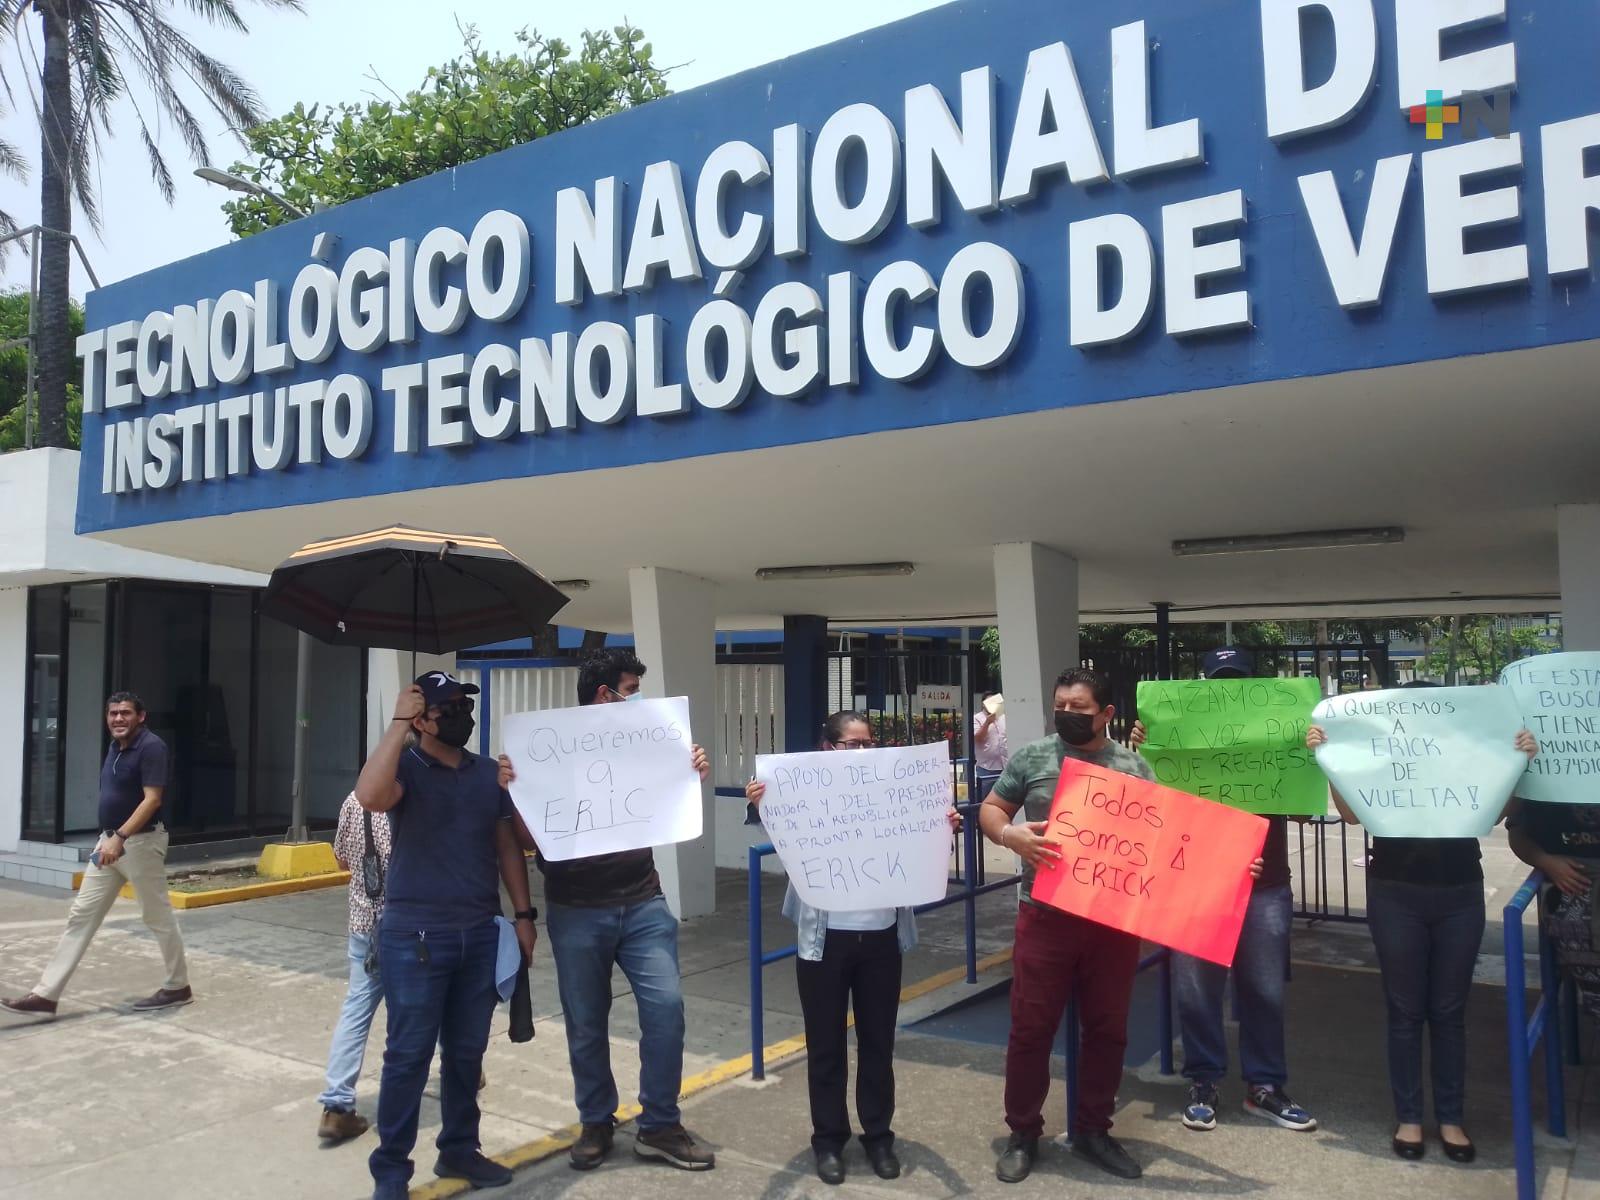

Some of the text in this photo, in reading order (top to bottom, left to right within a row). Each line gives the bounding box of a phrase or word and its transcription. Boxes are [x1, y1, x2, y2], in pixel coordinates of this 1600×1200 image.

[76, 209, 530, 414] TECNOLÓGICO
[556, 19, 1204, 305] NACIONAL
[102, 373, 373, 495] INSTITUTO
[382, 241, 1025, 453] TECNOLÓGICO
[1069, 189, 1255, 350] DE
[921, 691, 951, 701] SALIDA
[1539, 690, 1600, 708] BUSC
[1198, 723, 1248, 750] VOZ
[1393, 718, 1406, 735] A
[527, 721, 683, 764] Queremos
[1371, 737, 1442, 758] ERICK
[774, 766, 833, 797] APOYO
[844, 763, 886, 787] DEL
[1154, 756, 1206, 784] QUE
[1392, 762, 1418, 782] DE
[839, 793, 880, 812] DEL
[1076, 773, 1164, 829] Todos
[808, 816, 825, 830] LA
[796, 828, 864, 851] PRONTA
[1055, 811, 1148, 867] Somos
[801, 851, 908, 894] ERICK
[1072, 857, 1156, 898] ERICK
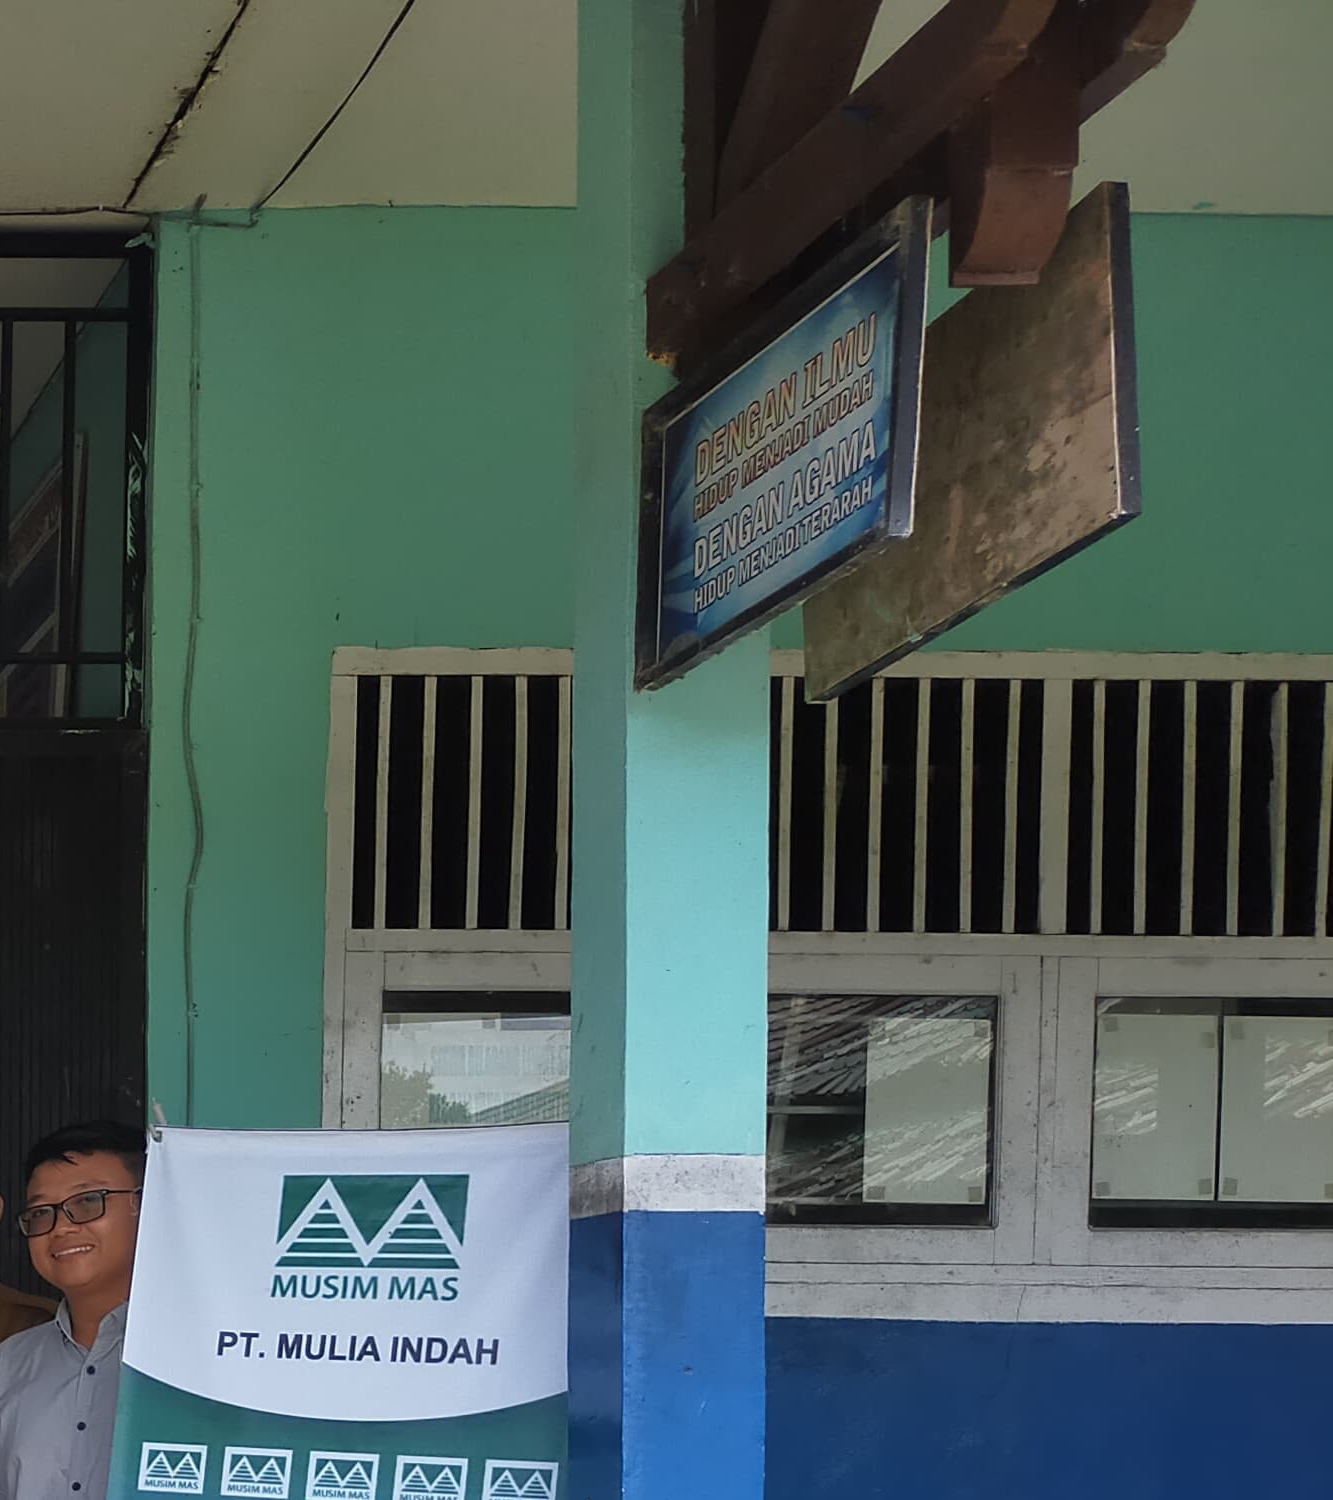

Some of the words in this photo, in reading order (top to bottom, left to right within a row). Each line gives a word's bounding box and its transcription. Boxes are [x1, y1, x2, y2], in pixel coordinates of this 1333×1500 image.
+ + + + +
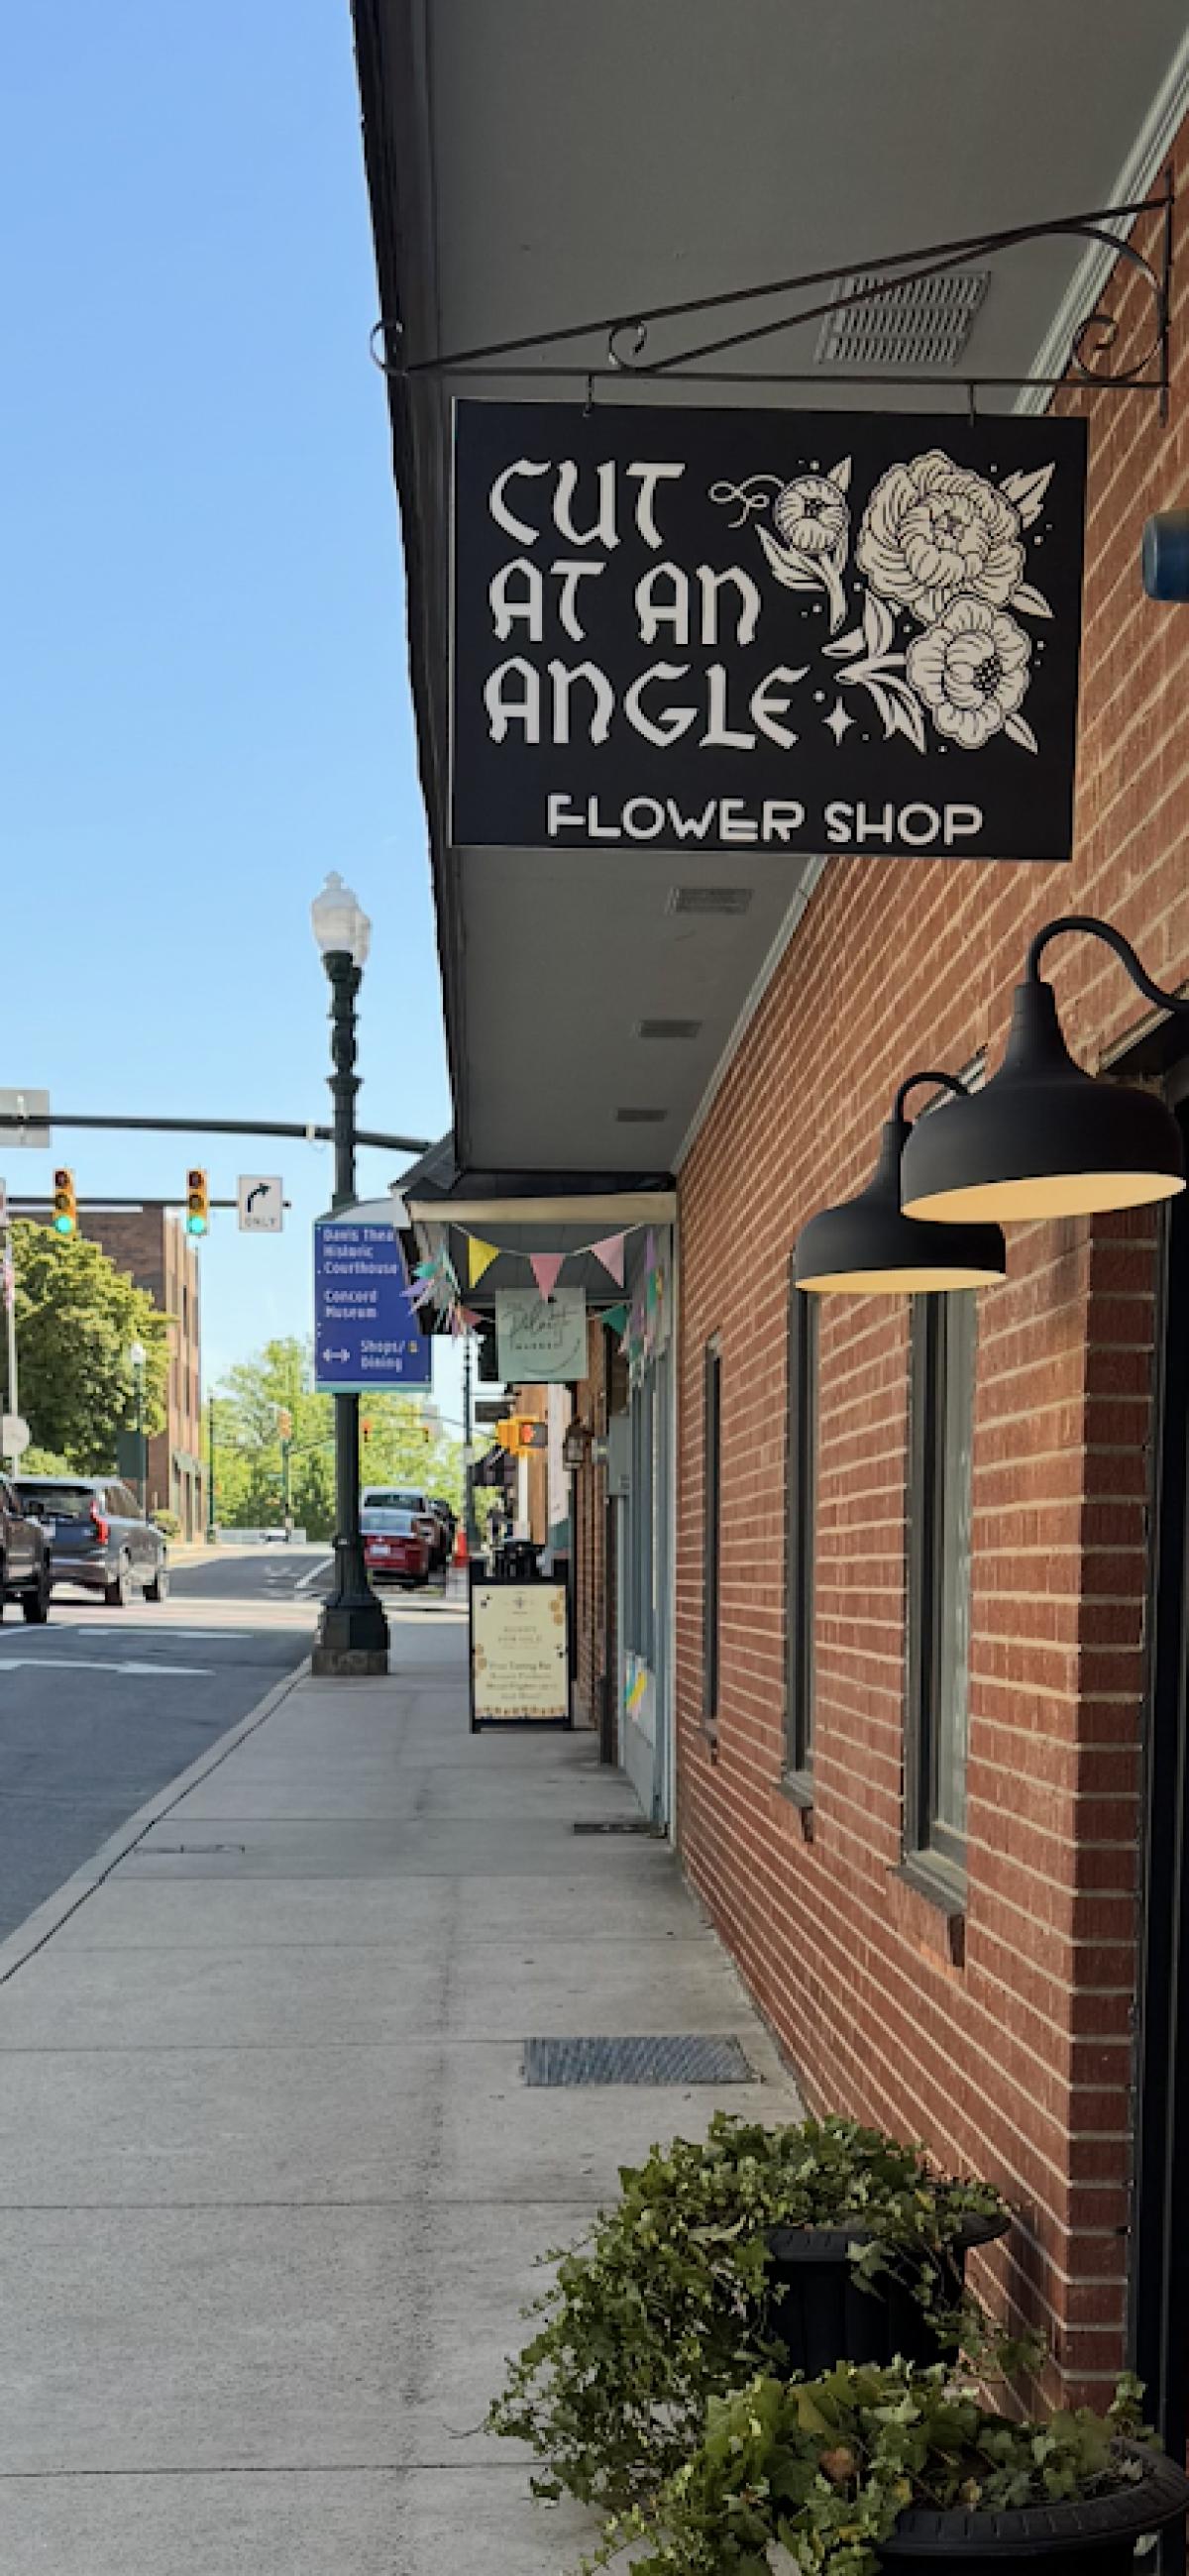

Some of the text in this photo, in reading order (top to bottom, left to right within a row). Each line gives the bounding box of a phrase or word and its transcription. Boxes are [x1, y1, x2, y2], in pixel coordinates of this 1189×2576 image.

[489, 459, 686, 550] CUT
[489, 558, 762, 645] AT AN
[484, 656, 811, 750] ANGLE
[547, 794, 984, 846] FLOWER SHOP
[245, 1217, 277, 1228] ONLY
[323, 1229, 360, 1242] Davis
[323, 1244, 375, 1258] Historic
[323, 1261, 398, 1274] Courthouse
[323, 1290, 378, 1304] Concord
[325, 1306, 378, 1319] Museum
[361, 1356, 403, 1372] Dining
+ + + + +
Exercise directions => Look above for the line containing "this 1600×1200 image." and the line containing "Some of the words", then reproduce both and everything between them exactly, pictures omitted.

Result for this exercise =>
Some of the text in this photo, in reading order (top to bottom, left to right within a row). Each line gives the bounding box of a phrase or word and its transcription. Boxes are [x1, y1, x2, y2], in pixel coordinates of this 1600×1200 image.

[76, 209, 530, 414] TECNOLÓGICO
[556, 19, 1204, 305] NACIONAL
[102, 373, 373, 495] INSTITUTO
[382, 241, 1025, 453] TECNOLÓGICO
[1069, 189, 1255, 350] DE
[921, 691, 951, 701] SALIDA
[1539, 690, 1600, 708] BUSC
[1198, 723, 1248, 750] VOZ
[1393, 718, 1406, 735] A
[527, 721, 683, 764] Queremos
[1371, 737, 1442, 758] ERICK
[774, 766, 833, 797] APOYO
[844, 763, 886, 787] DEL
[1154, 756, 1206, 784] QUE
[1392, 762, 1418, 782] DE
[839, 793, 880, 812] DEL
[1076, 773, 1164, 829] Todos
[808, 816, 825, 830] LA
[796, 828, 864, 851] PRONTA
[1055, 811, 1148, 867] Somos
[801, 851, 908, 894] ERICK
[1072, 857, 1156, 898] ERICK

Some of the words in this photo, in reading order (top to bottom, left to right within a row). Each line gives a word's bounding box and its transcription. Boxes are [x1, y1, x2, y2], in pixel coordinates of this 1333×1500 image.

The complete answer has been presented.